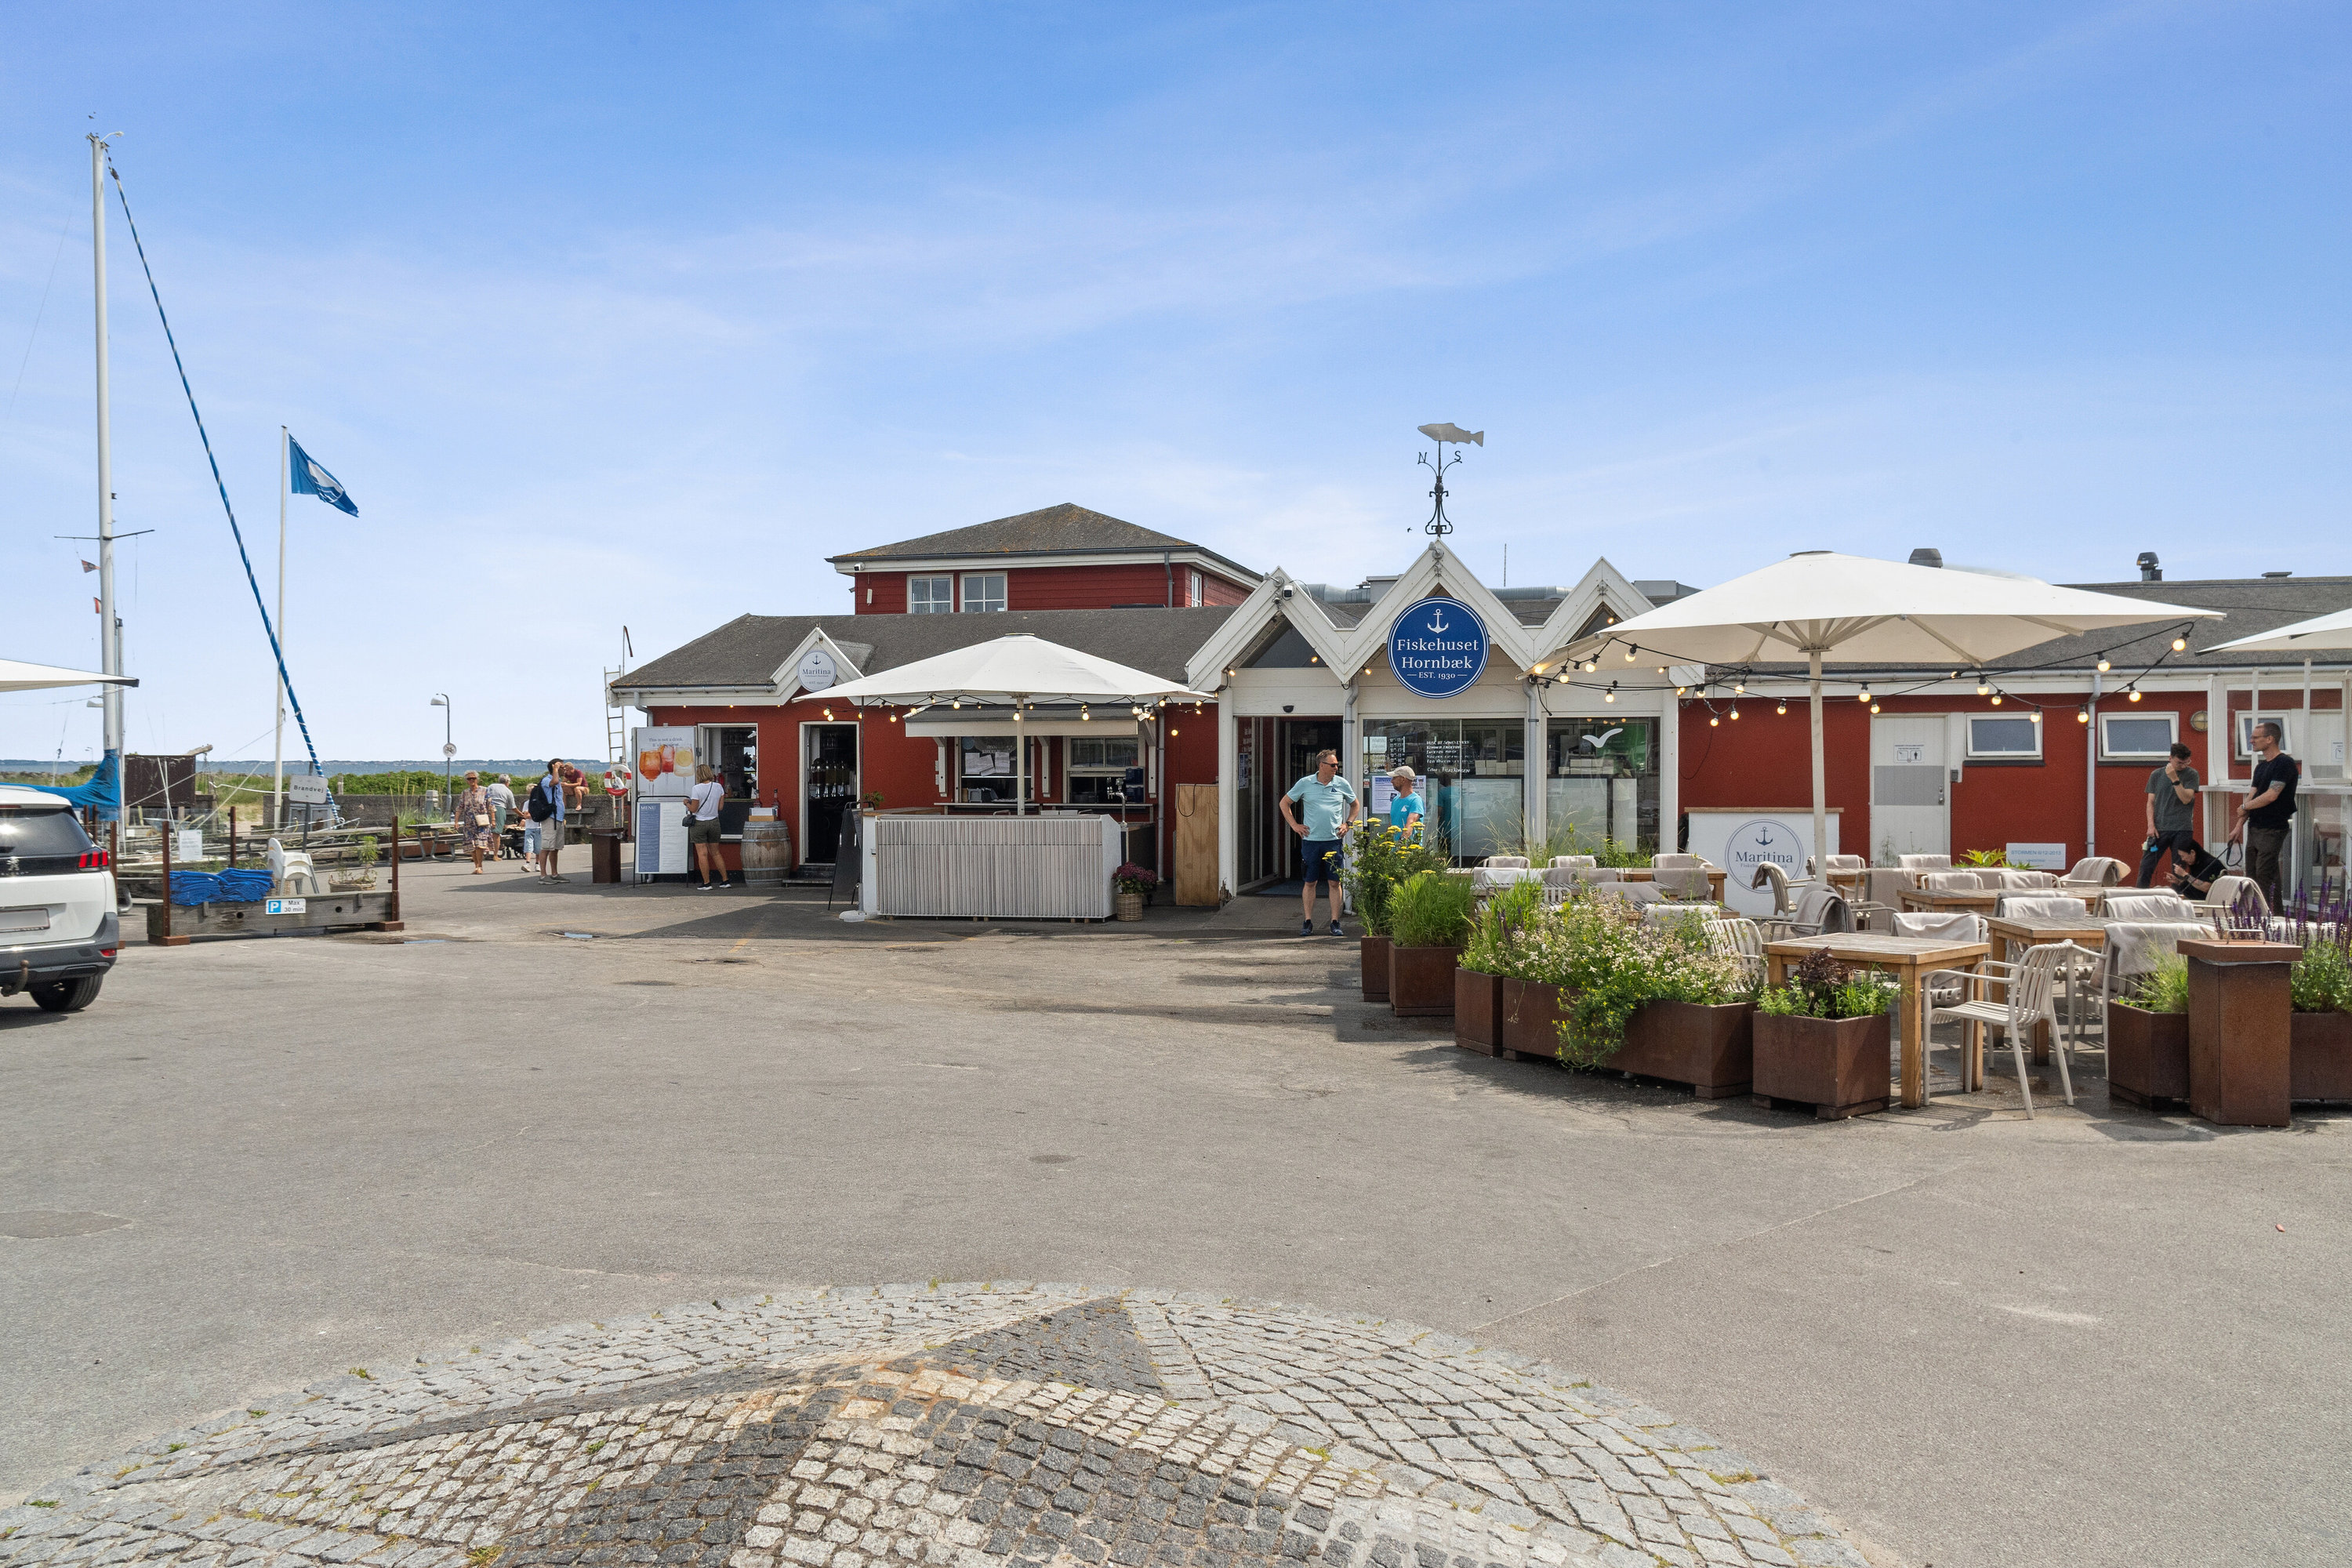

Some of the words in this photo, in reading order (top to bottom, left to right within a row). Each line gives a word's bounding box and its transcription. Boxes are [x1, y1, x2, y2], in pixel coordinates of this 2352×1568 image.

[1417, 452, 1428, 463] N
[1454, 450, 1461, 462] S
[1396, 637, 1479, 652] Fiskehuset
[1401, 655, 1473, 669] Hornbæk
[1735, 851, 1793, 863] Maritina
[270, 902, 279, 913] P

---*---

DESCRIPTION OF THE TASK:
Set down the entire material verbatim, with each picture left out.

SOLUTION TO THIS TASK:
Some of the words in this photo, in reading order (top to bottom, left to right within a row). Each line gives a word's bounding box and its transcription. Boxes are [x1, y1, x2, y2], in pixel coordinates of this 2352×1568 image.

[1417, 452, 1428, 463] N
[1454, 450, 1461, 462] S
[1396, 637, 1479, 652] Fiskehuset
[1401, 655, 1473, 669] Hornbæk
[1735, 851, 1793, 863] Maritina
[270, 902, 279, 913] P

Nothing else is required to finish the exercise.